Lambda architecture

This is an old revision of this page, as edited by Textractor (talk | contribs) at 00:52, 15 August 2014. The present address (URL) is a permanent link to this revision, which may differ significantly from the current revision.


Lambda Architecture

Lambda architecture refers to a data-processing architecture aimed at processing massive quantities of data while allowing ad-hoc queries and lowering the latency of those queries. Lambda architecture attempts to solve the problem of balancing comprehensiveness (including all data), accuracy, and latency when querying big-data collections.

Lambda architecture describes a system consisting of three layers:[1]

  • Batch – Precomputes results using a distributed processing system, typically Hadoop. This layer stores a master copy of the entire data set and acts as the system of record.
  • Serving – Responds to ad-hoc queries by gathering data from the batch layer, or, if unavailable, the Speed layer.
  • Speed – Processes data streams without regard to fix-ups or completeness.

Relies on a combination of computation techniques such as partial recomputation (p. 287) and estimation (hyperloglog), as well as optimizations in resource usage (p. 293) and data transformations.

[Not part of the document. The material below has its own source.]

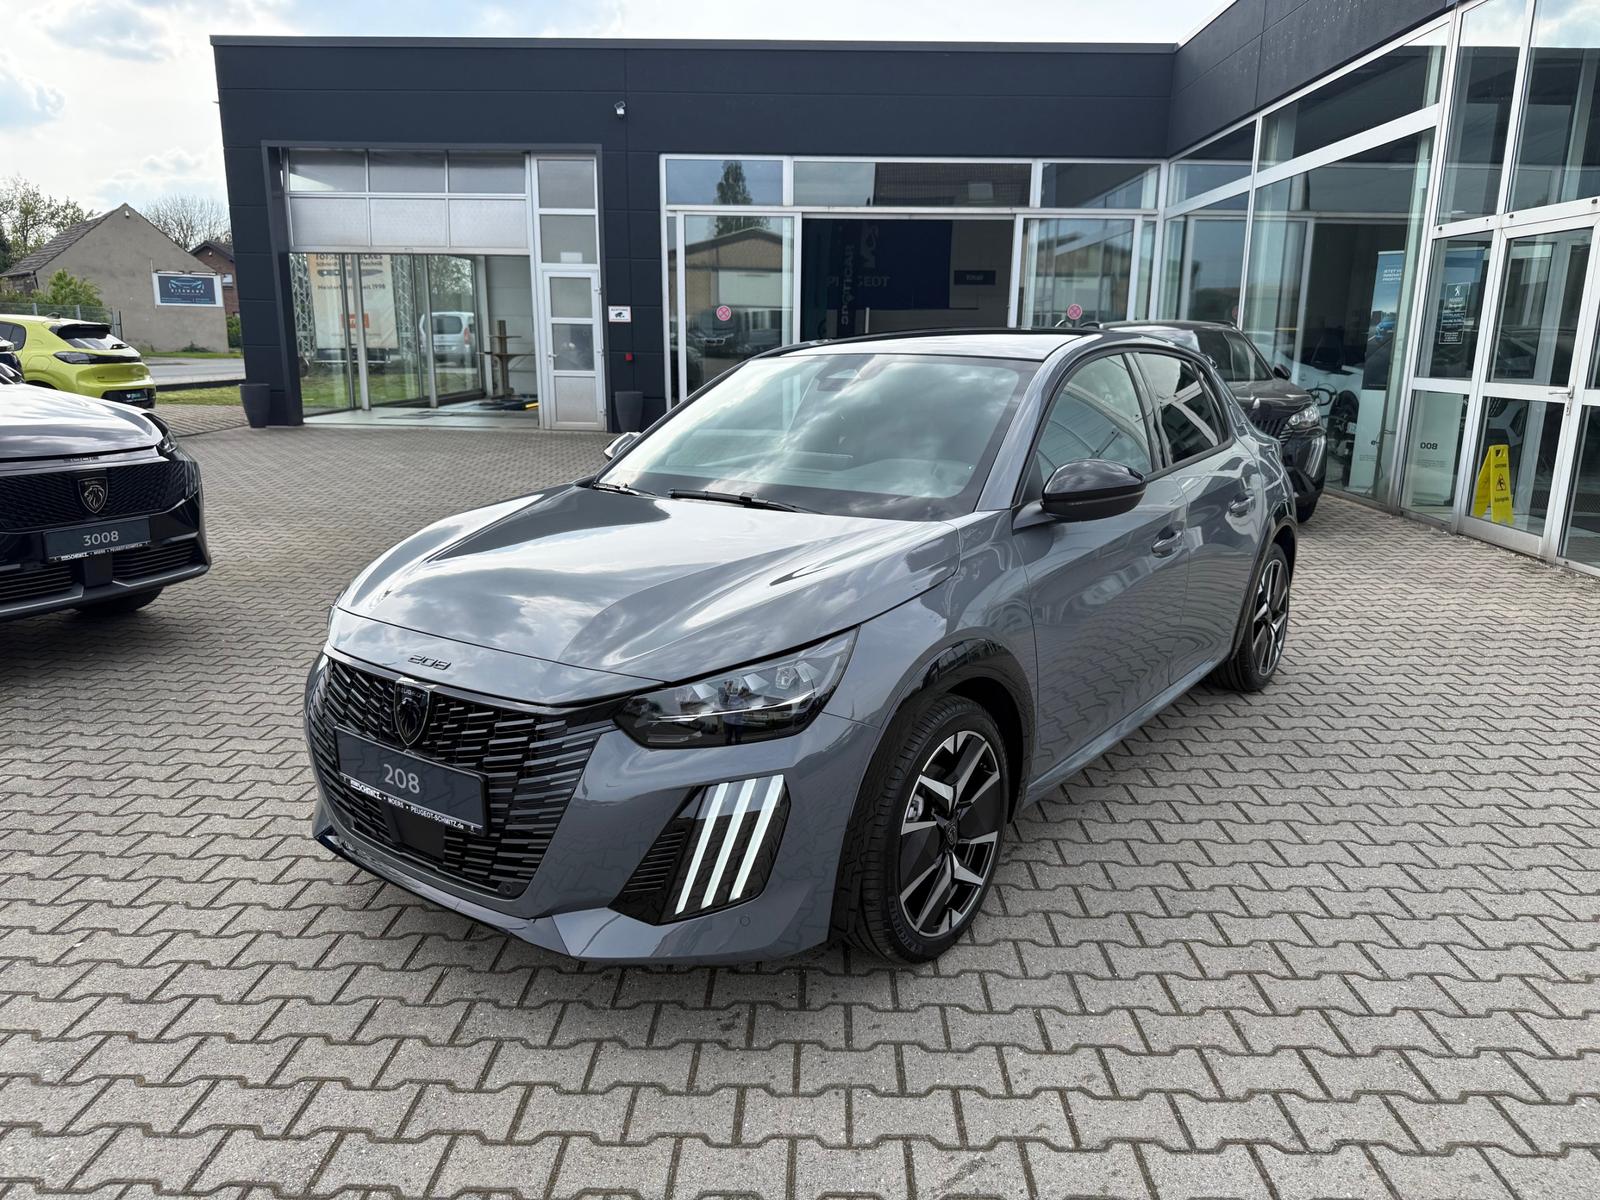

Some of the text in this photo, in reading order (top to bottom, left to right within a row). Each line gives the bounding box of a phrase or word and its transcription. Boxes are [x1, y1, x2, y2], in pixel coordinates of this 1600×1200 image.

[83, 530, 120, 547] 3008
[408, 654, 452, 671] 208
[383, 763, 420, 795] 208
[388, 797, 405, 809] MOERS

Criticism of lambda architecture has focused on its inherent complexity and its limiting influence. The batch and streaming sides each require a different code base that must be maintained and kept in sync so that processed data produces the same result from both paths, while attempting to abstract the code bases into a single framework puts many of the specialized tools in each sides ecosystems out of reach.[2]

References

  1. ^ Marz, Nathan, and Warren, James. Big Data: Principles and best practices of scalable realtime data systems. Manning Publications, 2013, p. 13.
  2. ^ Krebs, Jay. "Questioning the Lambda Architecure". radar.oreilly.com. Oreilly. Retrieved 15 August 2014.